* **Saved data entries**
------------
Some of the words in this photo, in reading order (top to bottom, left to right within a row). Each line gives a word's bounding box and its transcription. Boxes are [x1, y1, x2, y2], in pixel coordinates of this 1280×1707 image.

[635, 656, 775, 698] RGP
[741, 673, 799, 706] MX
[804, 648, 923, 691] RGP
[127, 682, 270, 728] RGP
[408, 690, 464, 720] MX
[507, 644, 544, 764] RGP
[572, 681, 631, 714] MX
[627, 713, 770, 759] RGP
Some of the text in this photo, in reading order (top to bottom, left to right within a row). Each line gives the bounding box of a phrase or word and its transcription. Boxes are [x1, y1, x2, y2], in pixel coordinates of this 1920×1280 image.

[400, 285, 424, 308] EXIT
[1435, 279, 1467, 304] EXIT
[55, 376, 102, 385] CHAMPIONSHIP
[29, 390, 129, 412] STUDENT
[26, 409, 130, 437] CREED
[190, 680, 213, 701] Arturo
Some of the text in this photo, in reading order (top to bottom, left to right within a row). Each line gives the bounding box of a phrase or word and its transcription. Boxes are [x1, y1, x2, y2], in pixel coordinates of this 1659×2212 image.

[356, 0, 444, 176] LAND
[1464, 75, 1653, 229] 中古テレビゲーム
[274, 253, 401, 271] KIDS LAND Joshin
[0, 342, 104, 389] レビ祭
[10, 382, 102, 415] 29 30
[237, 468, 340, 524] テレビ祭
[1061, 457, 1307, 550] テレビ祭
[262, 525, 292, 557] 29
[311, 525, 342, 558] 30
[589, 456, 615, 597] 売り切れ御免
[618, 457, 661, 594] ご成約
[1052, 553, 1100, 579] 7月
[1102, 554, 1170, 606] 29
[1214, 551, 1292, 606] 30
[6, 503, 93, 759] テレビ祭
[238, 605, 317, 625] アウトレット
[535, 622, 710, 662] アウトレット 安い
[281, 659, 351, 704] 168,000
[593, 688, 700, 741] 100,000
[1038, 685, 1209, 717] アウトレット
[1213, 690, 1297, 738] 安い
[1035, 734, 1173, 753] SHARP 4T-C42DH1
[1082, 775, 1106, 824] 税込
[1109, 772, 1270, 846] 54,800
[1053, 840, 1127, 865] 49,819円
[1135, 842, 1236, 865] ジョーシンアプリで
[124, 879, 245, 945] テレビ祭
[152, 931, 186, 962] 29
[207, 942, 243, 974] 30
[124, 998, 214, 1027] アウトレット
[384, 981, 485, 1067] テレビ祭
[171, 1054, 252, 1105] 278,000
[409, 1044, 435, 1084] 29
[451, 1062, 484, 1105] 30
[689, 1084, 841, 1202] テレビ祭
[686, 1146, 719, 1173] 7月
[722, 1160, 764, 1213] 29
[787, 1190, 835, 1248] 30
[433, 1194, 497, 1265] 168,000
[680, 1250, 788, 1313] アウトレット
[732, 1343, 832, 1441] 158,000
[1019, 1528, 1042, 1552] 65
------------
* **BRIEF**
An exact reproduction of all the entries above is required.

* **EXERCISE RESULT**
Some of the words in this photo, in reading order (top to bottom, left to right within a row). Each line gives a word's bounding box and its transcription. Boxes are [x1, y1, x2, y2], in pixel coordinates of this 1280×1707 image.

[635, 656, 775, 698] RGP
[741, 673, 799, 706] MX
[804, 648, 923, 691] RGP
[127, 682, 270, 728] RGP
[408, 690, 464, 720] MX
[507, 644, 544, 764] RGP
[572, 681, 631, 714] MX
[627, 713, 770, 759] RGP
Some of the text in this photo, in reading order (top to bottom, left to right within a row). Each line gives the bounding box of a phrase or word and its transcription. Boxes are [x1, y1, x2, y2], in pixel coordinates of this 1920×1280 image.

[400, 285, 424, 308] EXIT
[1435, 279, 1467, 304] EXIT
[55, 376, 102, 385] CHAMPIONSHIP
[29, 390, 129, 412] STUDENT
[26, 409, 130, 437] CREED
[190, 680, 213, 701] Arturo
Some of the text in this photo, in reading order (top to bottom, left to right within a row). Each line gives the bounding box of a phrase or word and its transcription. Boxes are [x1, y1, x2, y2], in pixel coordinates of this 1659×2212 image.

[356, 0, 444, 176] LAND
[1464, 75, 1653, 229] 中古テレビゲーム
[274, 253, 401, 271] KIDS LAND Joshin
[0, 342, 104, 389] レビ祭
[10, 382, 102, 415] 29 30
[237, 468, 340, 524] テレビ祭
[1061, 457, 1307, 550] テレビ祭
[262, 525, 292, 557] 29
[311, 525, 342, 558] 30
[589, 456, 615, 597] 売り切れ御免
[618, 457, 661, 594] ご成約
[1052, 553, 1100, 579] 7月
[1102, 554, 1170, 606] 29
[1214, 551, 1292, 606] 30
[6, 503, 93, 759] テレビ祭
[238, 605, 317, 625] アウトレット
[535, 622, 710, 662] アウトレット 安い
[281, 659, 351, 704] 168,000
[593, 688, 700, 741] 100,000
[1038, 685, 1209, 717] アウトレット
[1213, 690, 1297, 738] 安い
[1035, 734, 1173, 753] SHARP 4T-C42DH1
[1082, 775, 1106, 824] 税込
[1109, 772, 1270, 846] 54,800
[1053, 840, 1127, 865] 49,819円
[1135, 842, 1236, 865] ジョーシンアプリで
[124, 879, 245, 945] テレビ祭
[152, 931, 186, 962] 29
[207, 942, 243, 974] 30
[124, 998, 214, 1027] アウトレット
[384, 981, 485, 1067] テレビ祭
[171, 1054, 252, 1105] 278,000
[409, 1044, 435, 1084] 29
[451, 1062, 484, 1105] 30
[689, 1084, 841, 1202] テレビ祭
[686, 1146, 719, 1173] 7月
[722, 1160, 764, 1213] 29
[787, 1190, 835, 1248] 30
[433, 1194, 497, 1265] 168,000
[680, 1250, 788, 1313] アウトレット
[732, 1343, 832, 1441] 158,000
[1019, 1528, 1042, 1552] 65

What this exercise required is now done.